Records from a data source

Content starts

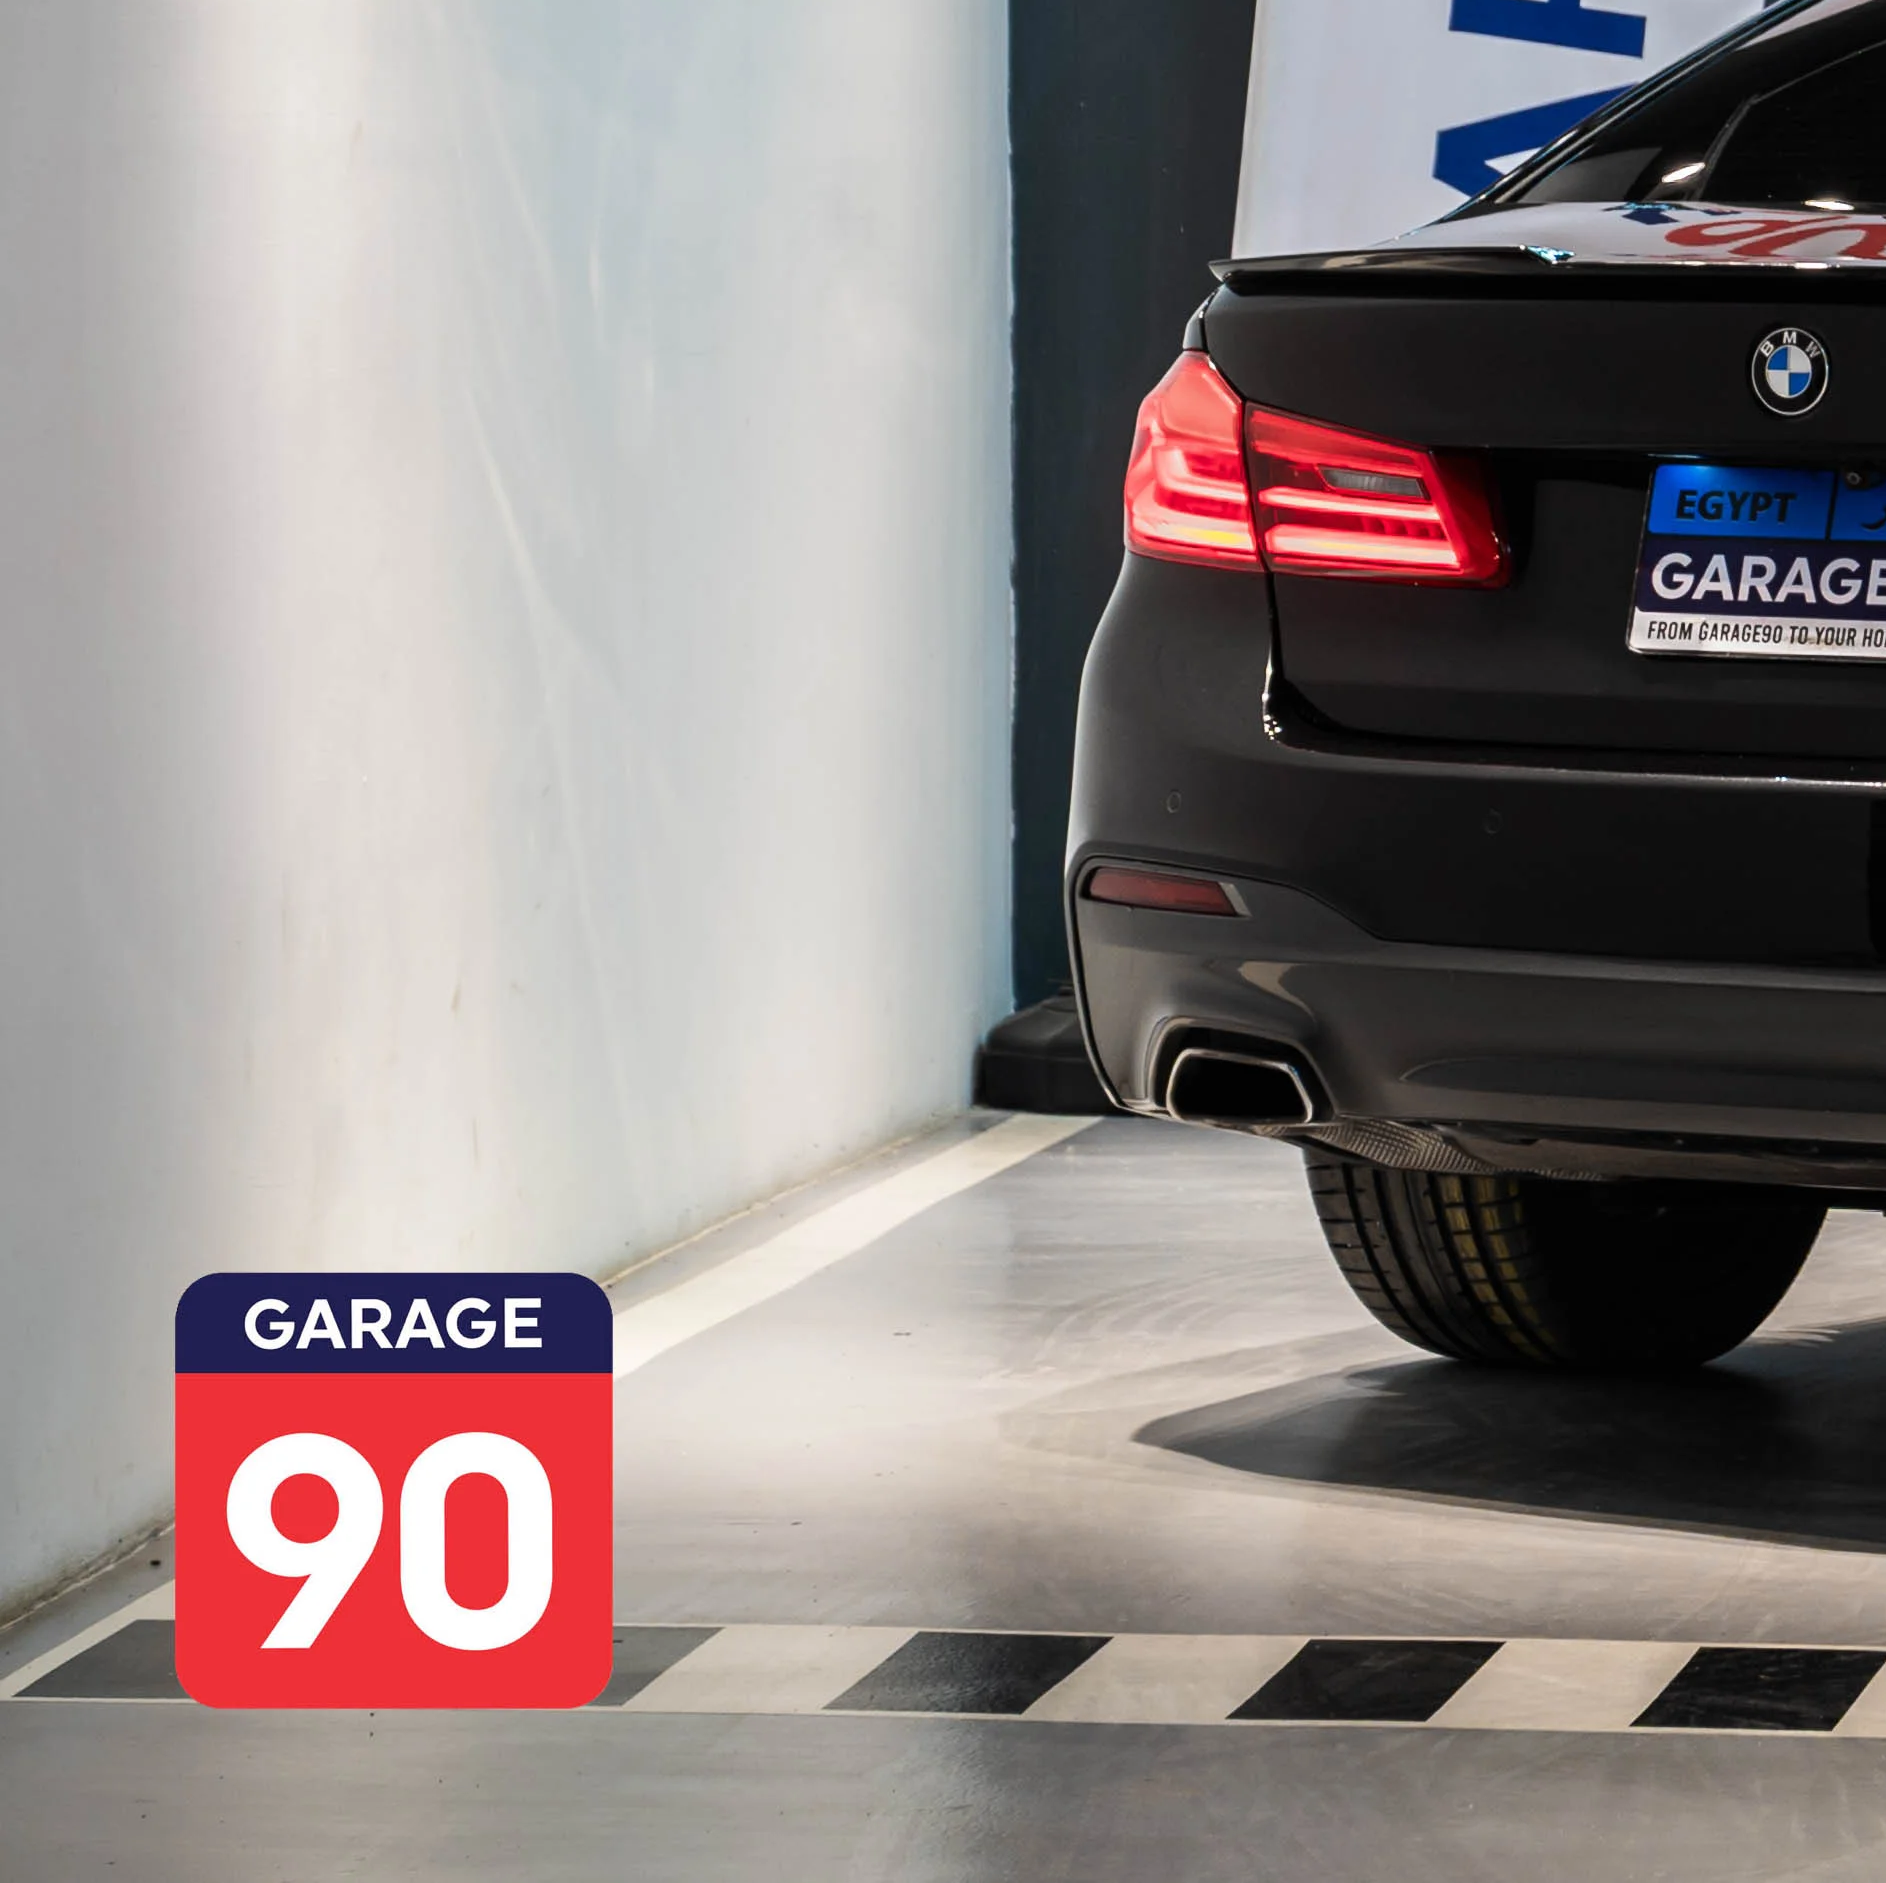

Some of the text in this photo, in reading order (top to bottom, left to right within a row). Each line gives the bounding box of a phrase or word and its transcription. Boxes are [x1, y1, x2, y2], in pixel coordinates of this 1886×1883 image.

[1759, 330, 1821, 359] BMW
[1675, 488, 1797, 523] EGYPT
[1647, 620, 1694, 641] FROM
[1698, 621, 1783, 645] GARAGE90
[1789, 625, 1809, 646] TO
[1814, 626, 1857, 648] YOUR
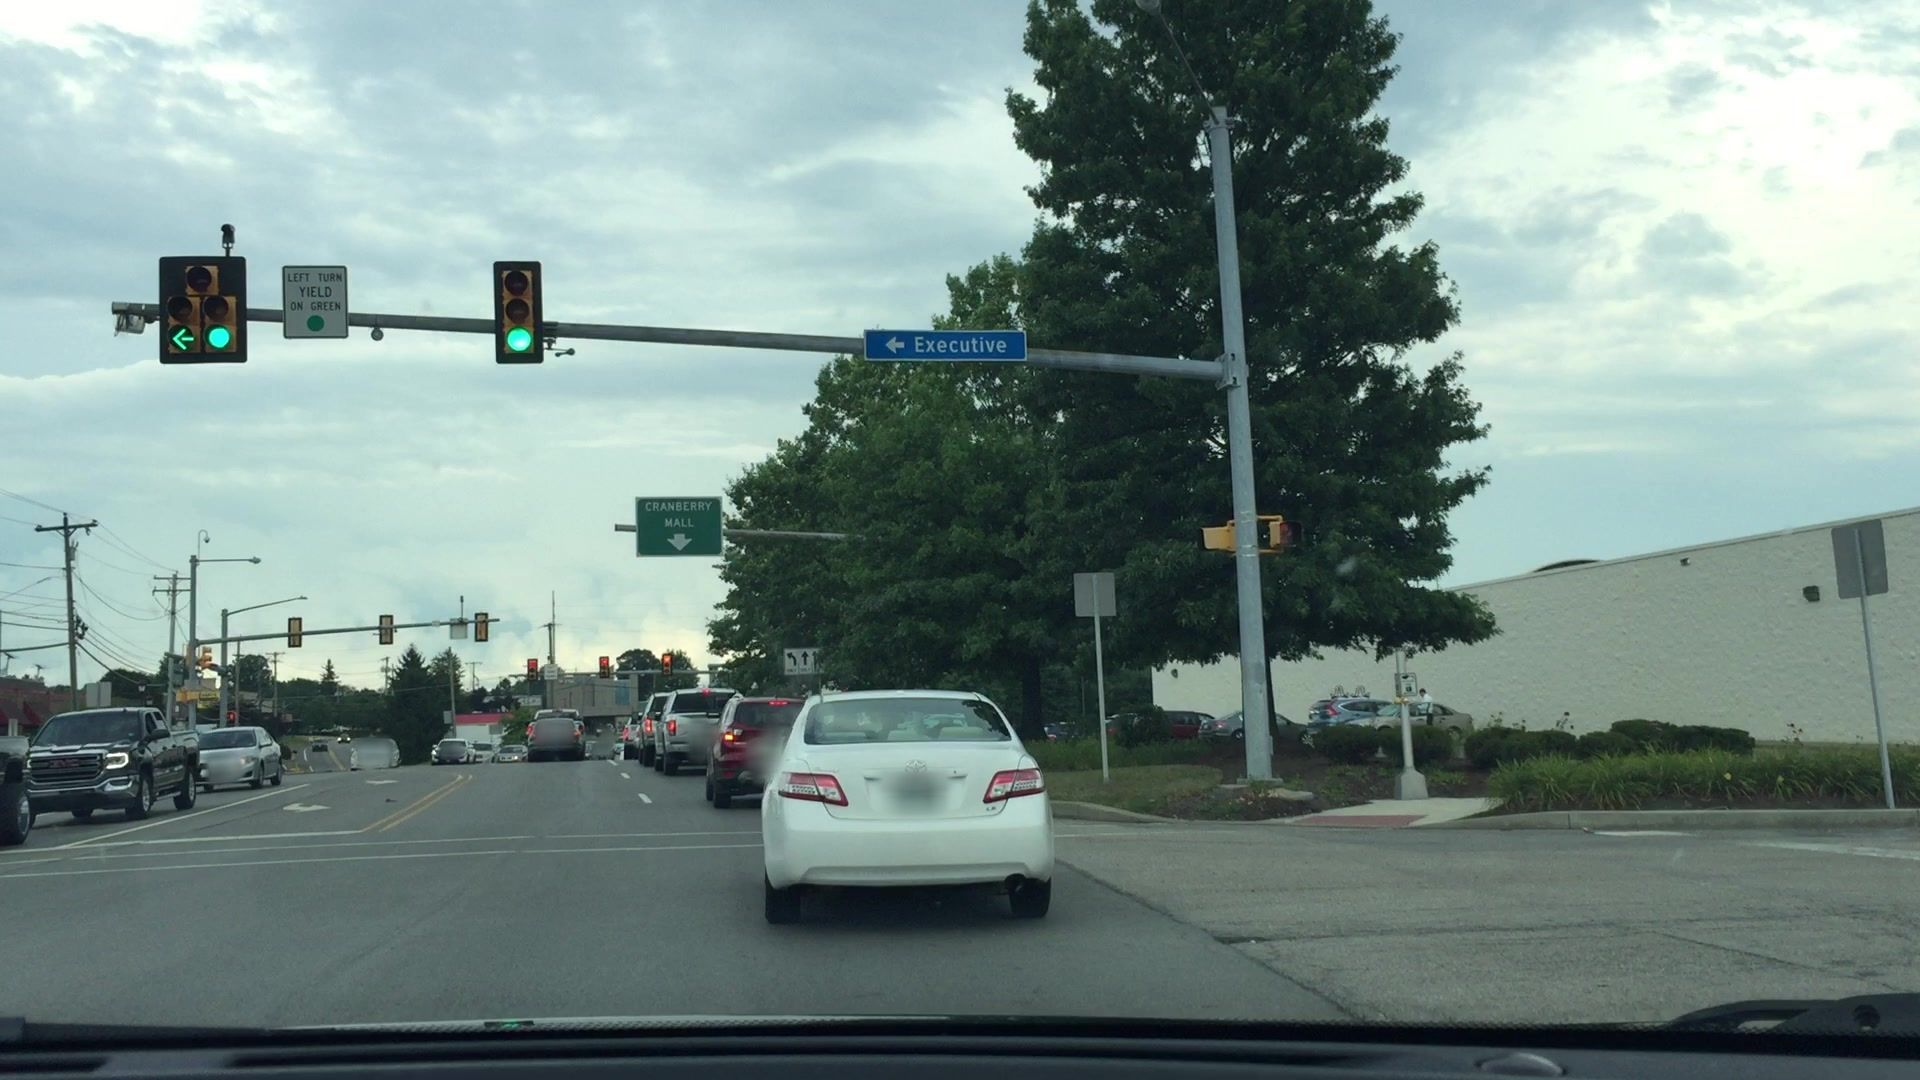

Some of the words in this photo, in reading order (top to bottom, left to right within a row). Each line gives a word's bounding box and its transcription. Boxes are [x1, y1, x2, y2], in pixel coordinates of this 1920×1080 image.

Content ends

WORK INSTRUCTION:
Print all the entries again exactly as written, but without the pictures.

FINISHED EXERCISE:
Some of the text in this photo, in reading order (top to bottom, left to right within a row). Each line gives the bounding box of a phrase or word and its transcription. Boxes are [x1, y1, x2, y2], in pixel coordinates of this 1886×1883 image.

[1759, 330, 1821, 359] BMW
[1675, 488, 1797, 523] EGYPT
[1647, 620, 1694, 641] FROM
[1698, 621, 1783, 645] GARAGE90
[1789, 625, 1809, 646] TO
[1814, 626, 1857, 648] YOUR

Some of the words in this photo, in reading order (top to bottom, left to right within a row). Each line gives a word's bounding box and its transcription. Boxes are [x1, y1, x2, y2], in pixel coordinates of this 1920×1080 image.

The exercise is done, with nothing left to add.